What is needed: All that is asked is a faithful reproduction of the entries.

Text-to-region grounding data:
——————
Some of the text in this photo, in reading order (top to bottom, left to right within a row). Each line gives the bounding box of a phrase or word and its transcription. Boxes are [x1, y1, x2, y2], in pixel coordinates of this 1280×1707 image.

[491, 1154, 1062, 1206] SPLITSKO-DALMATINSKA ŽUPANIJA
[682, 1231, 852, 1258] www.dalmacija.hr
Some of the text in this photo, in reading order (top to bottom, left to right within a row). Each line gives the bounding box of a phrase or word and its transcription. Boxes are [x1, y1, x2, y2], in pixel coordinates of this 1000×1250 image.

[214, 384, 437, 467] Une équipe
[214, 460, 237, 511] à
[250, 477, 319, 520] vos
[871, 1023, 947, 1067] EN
——————
Solved problem:
Some of the text in this photo, in reading order (top to bottom, left to right within a row). Each line gives the bounding box of a phrase or word and its transcription. Boxes are [x1, y1, x2, y2], in pixel coordinates of this 1280×1707 image.

[491, 1154, 1062, 1206] SPLITSKO-DALMATINSKA ŽUPANIJA
[682, 1231, 852, 1258] www.dalmacija.hr
Some of the text in this photo, in reading order (top to bottom, left to right within a row). Each line gives the bounding box of a phrase or word and its transcription. Boxes are [x1, y1, x2, y2], in pixel coordinates of this 1000×1250 image.

[214, 384, 437, 467] Une équipe
[214, 460, 237, 511] à
[250, 477, 319, 520] vos
[871, 1023, 947, 1067] EN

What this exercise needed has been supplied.